Monday, May 08, 2006

Nuclear waste a political problem, not environmental [05may06]

THE worldwide nuclear renaissance is gathering steam. Whereas 10 years ago the environmental lobby was noisy in opposition, today some of the world's highest-profile environmentalists speak very clearly for nuclear power, because they think it represents much less of a problem or threat than global warming.

Doubling the world's nuclear contribution would eliminate at least a quarter of the CO2 emissions from power generation. The fond hopes of the green movement cannot match this.

Nuclear wastes may be a bogey in the public mind, due to irresponsible fearmongering, but in fact they are arguably a distinct positive due to their relatively low quantity and ease of containment, storage and disposal. Other than at the political level, there are no significant problems with safe handling and storage of civil nuclear wastes anywhere in the world.

The resource base for long-term use of nuclear power is excellent. With the new wave of exploration for uranium now getting under way after a long slowdown due to ex-military uranium coming on the market, I would expect known resources to double within a few years.

As custodian of resources needed by the world, Australia has a responsibility to supply them with due care for how they are (or might be) used. In the case of uranium, exports are under both international safeguards arrangements which account for them and their derivatives, and also more stringent bilateral arrangements.

Australia has the option of continuing its present form of uranium exports – the mines selling uranium to the power generating utilities, who then arrange for intermediate processing (notably enrichment). After using the fuel, the waste remains there.

But there is also the possibility of fuel leasing, whereby supplier countries such as Australia lease nuclear fuel to users internationally and then take the spent fuel back. This is rare today but is proposed as an anti-proliferation measure, most recently by the U.S. and Russia. In this case, provisions would need to be made for it upon return – initially storage.

Then there are several options. One is direct geological disposal after 50 years or so (when over 99 per cent of the original radioactivity has disappeared). Another (as currently proposed by the U.S.) is processing it to recover unused uranium, then all the actinides (including plutonium), and leaving fission products which become waste. The actinide assortment then gets burned to yield energy in special reactors (which could be here or overseas).

Of course the legal and the moral position is that each country is responsible for its own wastes (nuclear and other). Here the wastes are made in the power reactors due to the nuclear fission – they are not simply left over from what we export.
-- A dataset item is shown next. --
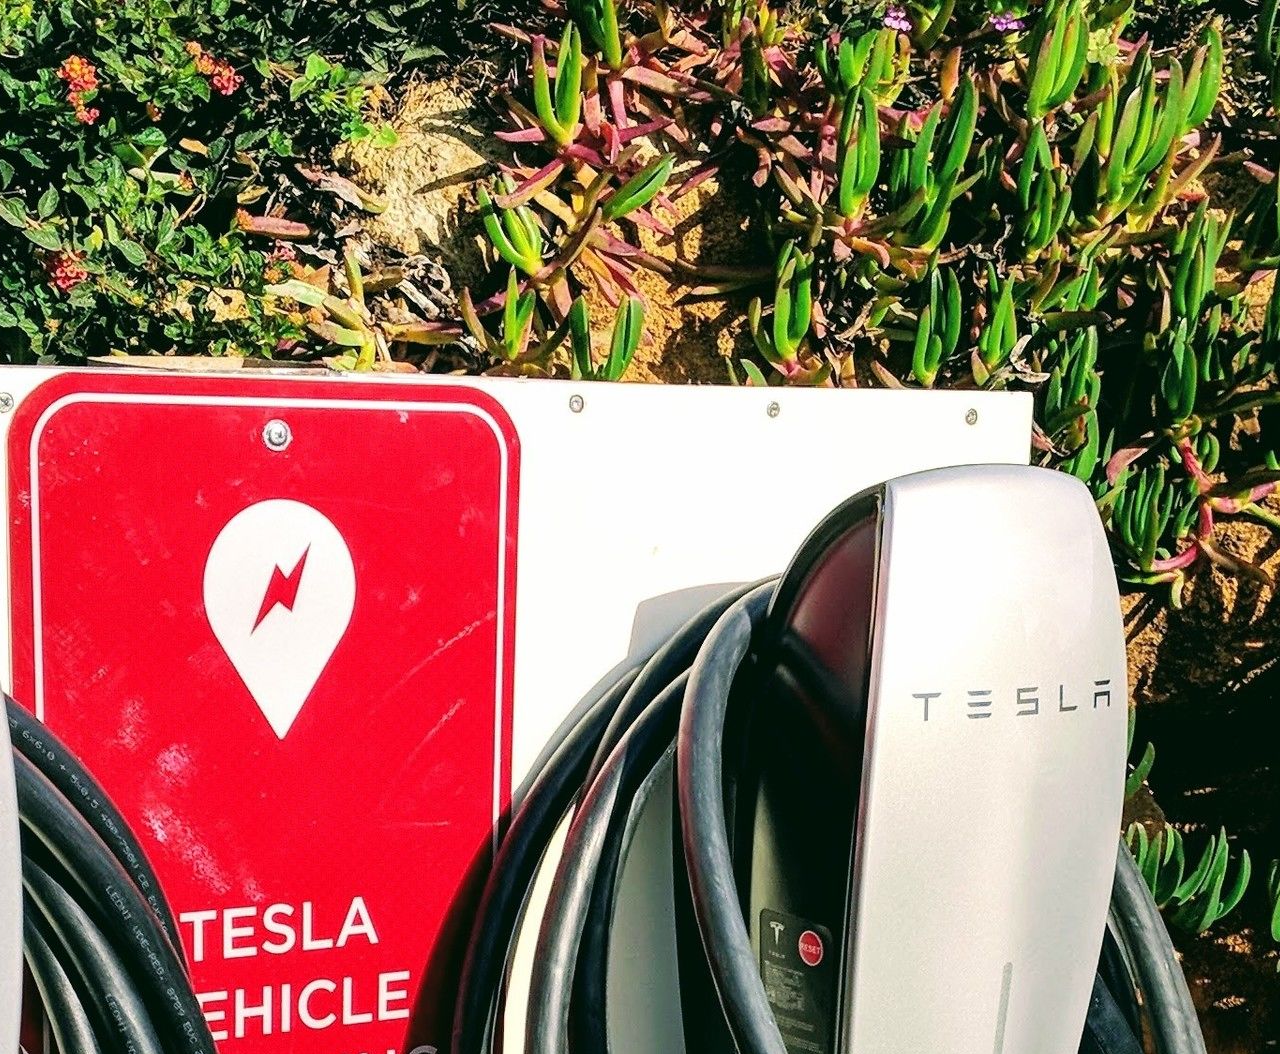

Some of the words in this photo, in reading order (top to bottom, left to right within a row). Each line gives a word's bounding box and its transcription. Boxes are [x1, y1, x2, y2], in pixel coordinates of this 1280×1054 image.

However, there is no in-principle problem with being responsible for something but arranging on a mutually agreeable basis for others to handle it – we all do that all the time.
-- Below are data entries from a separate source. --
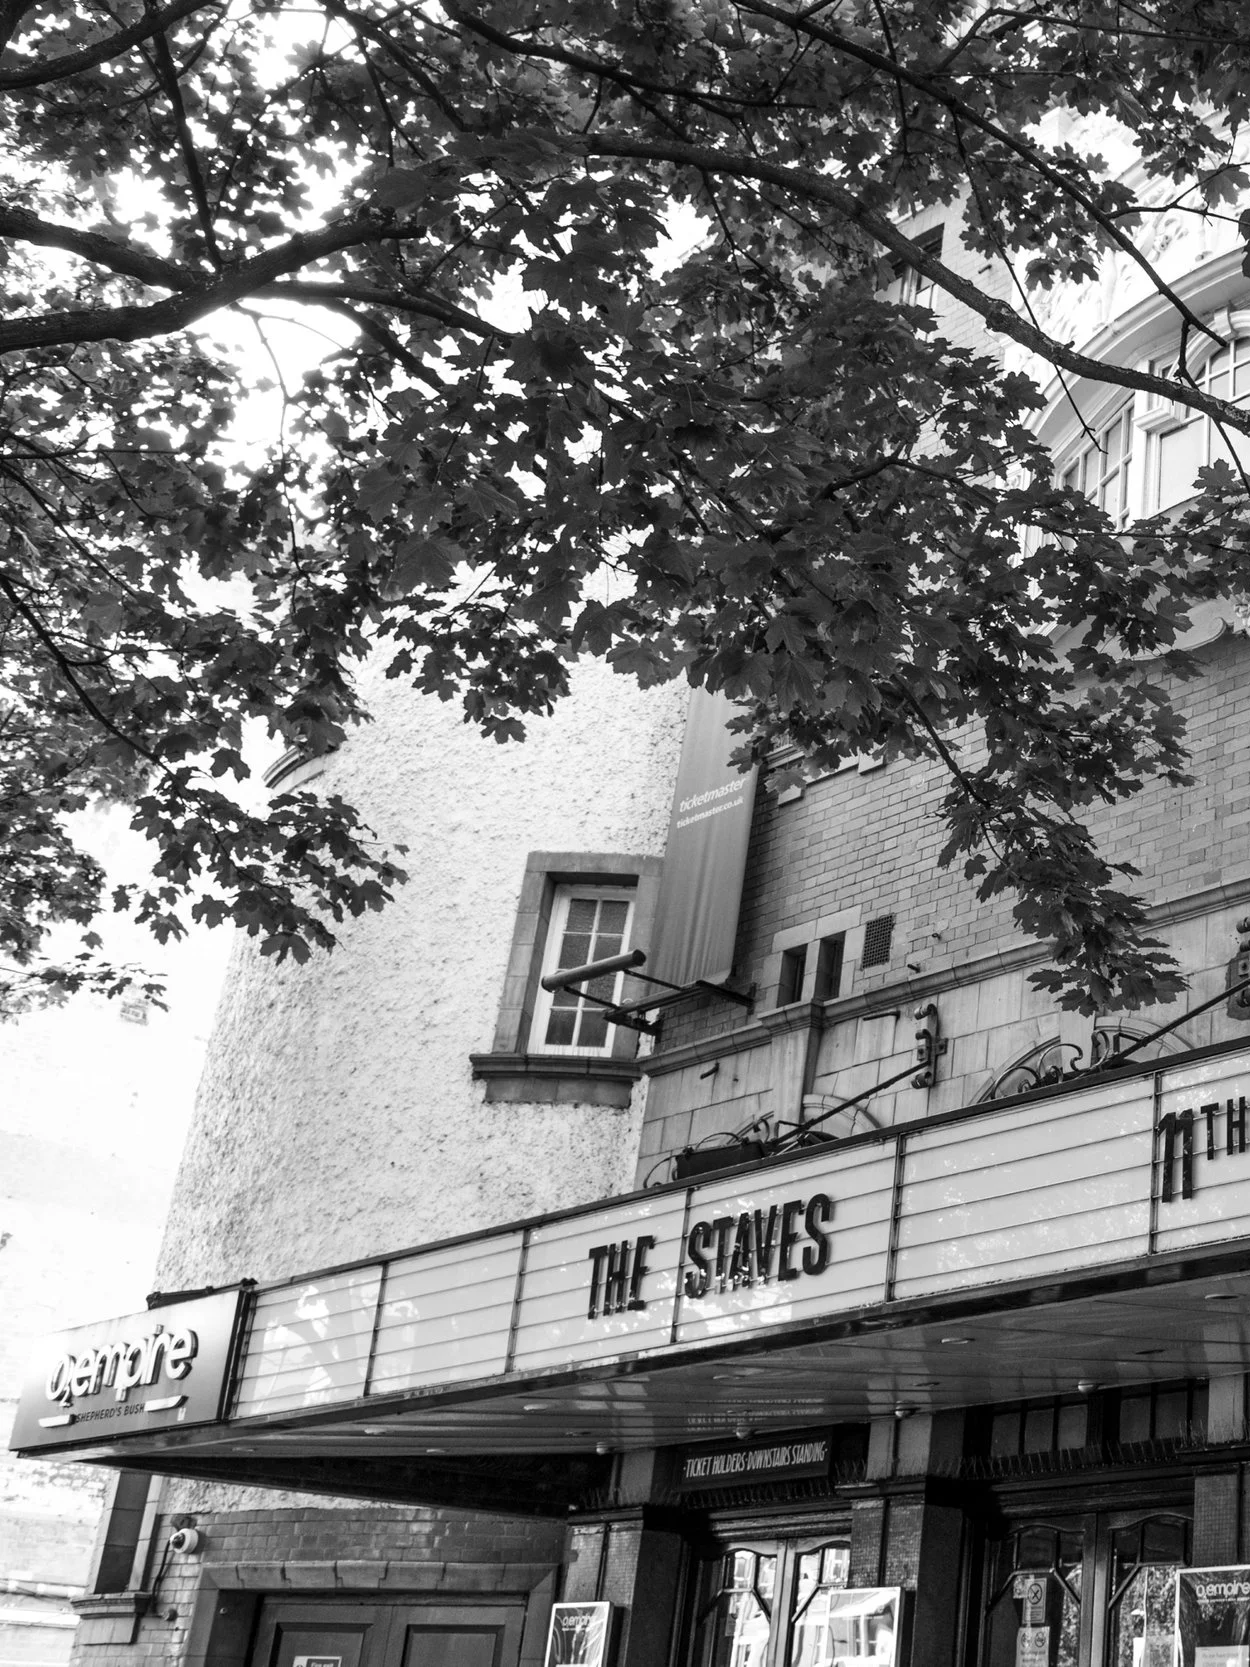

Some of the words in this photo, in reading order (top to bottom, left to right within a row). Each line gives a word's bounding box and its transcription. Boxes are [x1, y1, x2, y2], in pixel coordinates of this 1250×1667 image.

[676, 795, 744, 829] ticketmaster.co.uk
[679, 777, 747, 813] ticketmaster
[588, 1235, 655, 1320] THE
[684, 1193, 832, 1299] STAVES
[76, 1406, 123, 1424] SHEPHERD'S
[123, 1403, 145, 1417] BUSH
[686, 1456, 713, 1478] TICKET
[711, 1451, 746, 1475] HOLDERS
[747, 1445, 792, 1471] DOWNSTAIRS
[791, 1441, 826, 1465] STANDING
In Europe and North America, energy security is a big issue. In contrast to fossil fuels, several years' supplies of uranium or fabricated fuel can be stored safely, unobtrusively and relatively inexpensively if needed. Energy security was a major factor in Finland's decision to build a fifth nuclear reactor, and it comes even more to the fore in 2006 due to gas supply constraints and threats in Europe.

Meanwhile, Australia provides a quarter of the mined uranium for a world increasingly concerned with the clean and reliable production of large amounts of electricity. South Australia plays a notable role in this and there is opportunity for more.


Ian Hore-Lacy is general manager of the Melbourne-based Uranium Information Centre, and director of public communications for the World Nuclear Association in London.